La cortesía boba

La cortesía boba

Tengo algunos amigos mejicanos y nunca encontré en ellos ninguna preocupación por haber perdido la dignidad. Más aún, todos ellos me parecen dignos, dignísimos, pero tendré que preguntar a uno de ellos en la próxima Feria de San Isidro, a la que suele asistir, porque según el consejero de la Generalidad, Alfredo Bosch Pascual, hay que pedir perdón a Méjico por lo ocurrido hace más de cinco siglos, para recuperar la dignidad perdida. El consejero habla de lo que hicieron los españoles, como si él fuera japonés o mozambiqueño, pero su apellido materno, Pascual, que suele eludir, es uno de los 100 apellidos más comunes en España y, originario de Vizcaya, se extendió por Aragón las dos Castillas, Rioja, Valencia y Cataluña.

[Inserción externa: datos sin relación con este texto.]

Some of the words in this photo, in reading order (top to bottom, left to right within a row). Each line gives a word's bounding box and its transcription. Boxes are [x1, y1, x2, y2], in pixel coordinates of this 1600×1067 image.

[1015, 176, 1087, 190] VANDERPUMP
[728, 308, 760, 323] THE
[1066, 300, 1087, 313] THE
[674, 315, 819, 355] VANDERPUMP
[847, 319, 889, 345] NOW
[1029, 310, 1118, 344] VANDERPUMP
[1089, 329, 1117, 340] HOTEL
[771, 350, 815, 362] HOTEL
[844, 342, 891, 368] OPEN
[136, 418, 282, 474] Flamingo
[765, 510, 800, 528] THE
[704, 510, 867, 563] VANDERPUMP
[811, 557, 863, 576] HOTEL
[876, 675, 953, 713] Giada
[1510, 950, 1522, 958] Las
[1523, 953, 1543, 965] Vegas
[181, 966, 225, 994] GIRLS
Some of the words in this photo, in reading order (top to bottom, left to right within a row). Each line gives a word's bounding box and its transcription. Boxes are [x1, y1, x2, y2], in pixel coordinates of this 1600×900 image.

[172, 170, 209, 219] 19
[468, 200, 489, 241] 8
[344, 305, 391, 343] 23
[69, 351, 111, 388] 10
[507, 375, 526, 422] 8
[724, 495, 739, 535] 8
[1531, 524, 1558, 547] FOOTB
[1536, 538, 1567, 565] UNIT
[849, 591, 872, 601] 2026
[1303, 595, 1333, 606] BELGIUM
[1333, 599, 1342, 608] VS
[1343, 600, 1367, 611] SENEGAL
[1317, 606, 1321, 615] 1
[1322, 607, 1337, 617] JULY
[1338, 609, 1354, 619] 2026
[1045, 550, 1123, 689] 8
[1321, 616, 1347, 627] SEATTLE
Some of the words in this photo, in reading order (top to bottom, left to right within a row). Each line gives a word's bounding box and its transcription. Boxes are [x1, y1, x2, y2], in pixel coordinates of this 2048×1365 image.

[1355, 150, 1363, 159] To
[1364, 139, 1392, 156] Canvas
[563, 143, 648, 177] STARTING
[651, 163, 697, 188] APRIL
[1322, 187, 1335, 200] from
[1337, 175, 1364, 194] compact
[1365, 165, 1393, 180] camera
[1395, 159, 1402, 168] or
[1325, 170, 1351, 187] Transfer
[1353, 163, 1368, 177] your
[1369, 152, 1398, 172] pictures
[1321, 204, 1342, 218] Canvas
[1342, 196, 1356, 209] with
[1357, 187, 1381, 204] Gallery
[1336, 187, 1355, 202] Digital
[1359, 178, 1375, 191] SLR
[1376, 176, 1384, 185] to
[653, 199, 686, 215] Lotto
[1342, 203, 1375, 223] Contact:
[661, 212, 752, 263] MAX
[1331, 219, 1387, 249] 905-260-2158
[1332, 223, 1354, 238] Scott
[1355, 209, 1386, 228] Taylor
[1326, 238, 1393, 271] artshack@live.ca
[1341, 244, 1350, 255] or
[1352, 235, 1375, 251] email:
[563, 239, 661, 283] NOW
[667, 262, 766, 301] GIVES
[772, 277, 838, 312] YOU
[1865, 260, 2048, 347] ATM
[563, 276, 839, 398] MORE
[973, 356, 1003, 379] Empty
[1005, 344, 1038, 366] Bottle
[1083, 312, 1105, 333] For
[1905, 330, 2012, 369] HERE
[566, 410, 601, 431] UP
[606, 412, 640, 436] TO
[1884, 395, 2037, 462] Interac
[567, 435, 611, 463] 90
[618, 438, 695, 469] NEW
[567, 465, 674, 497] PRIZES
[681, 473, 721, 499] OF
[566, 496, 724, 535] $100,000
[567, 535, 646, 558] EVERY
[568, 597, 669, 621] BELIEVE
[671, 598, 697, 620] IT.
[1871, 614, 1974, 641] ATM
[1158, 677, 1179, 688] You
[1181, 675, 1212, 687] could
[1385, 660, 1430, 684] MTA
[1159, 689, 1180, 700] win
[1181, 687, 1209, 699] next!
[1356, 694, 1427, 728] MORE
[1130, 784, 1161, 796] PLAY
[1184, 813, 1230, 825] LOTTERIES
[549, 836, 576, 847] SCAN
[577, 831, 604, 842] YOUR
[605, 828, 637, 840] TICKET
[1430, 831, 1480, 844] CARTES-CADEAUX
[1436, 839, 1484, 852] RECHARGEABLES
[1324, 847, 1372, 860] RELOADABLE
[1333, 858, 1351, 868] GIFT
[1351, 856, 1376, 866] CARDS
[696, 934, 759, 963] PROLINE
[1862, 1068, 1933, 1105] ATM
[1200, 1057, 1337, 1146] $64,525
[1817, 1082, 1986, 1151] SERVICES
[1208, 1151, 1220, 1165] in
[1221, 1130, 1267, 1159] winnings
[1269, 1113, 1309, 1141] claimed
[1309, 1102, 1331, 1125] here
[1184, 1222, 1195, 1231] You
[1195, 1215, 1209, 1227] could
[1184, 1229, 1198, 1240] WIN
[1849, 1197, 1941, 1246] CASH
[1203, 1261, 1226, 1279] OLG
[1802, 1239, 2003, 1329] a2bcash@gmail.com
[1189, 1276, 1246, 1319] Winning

La estupidez de analizar hechos del pasado con las normas éticas de la actualidad es una estupidez, bastante extendida en las cofradías de tontos contemporáneos. Según estas reglas, a los admirados filósofos griegos, que pusieron los cimientos de la democracia, habría que aborrecerlos, porque tenían esclavos. Asimismo, el preocupado consejero deberá dirigirse al presidente de la República Italiana para que le pida perdón por la colonización llevada a cabo en tiempos del imperio romano, cuyas huellas son evidentes en Tarragona, Constantí, Centelles, Roda de Bará, Altafulla y un largo etcétera. Me imagino que don Alfredo habrá encontrado profundas muestras por tierras de la antigua tarraconense de dignidades perdidas, y de patrones de pesca, ingenieros, pintores, repartidores de pizzas e incluso electricistas, que están tristes porque Roma nunca les ha pedido perdón.
Extrañan estas declaraciones, porque el señor Bosch Pascual es hombre que ha publicado ensayos y novelas, y es un hombre reconocido en las letras. Pero, a partir de ahora, ya vemos que la boba cortesía de pedir perdón por hechos sucedidos en el ambiente lógico del siglo en que ocurrieron, no es exclusiva de tontos contemporáneos escasos de ciencia, sino que ya se incorporan personajes como el señor Bosch Pascual.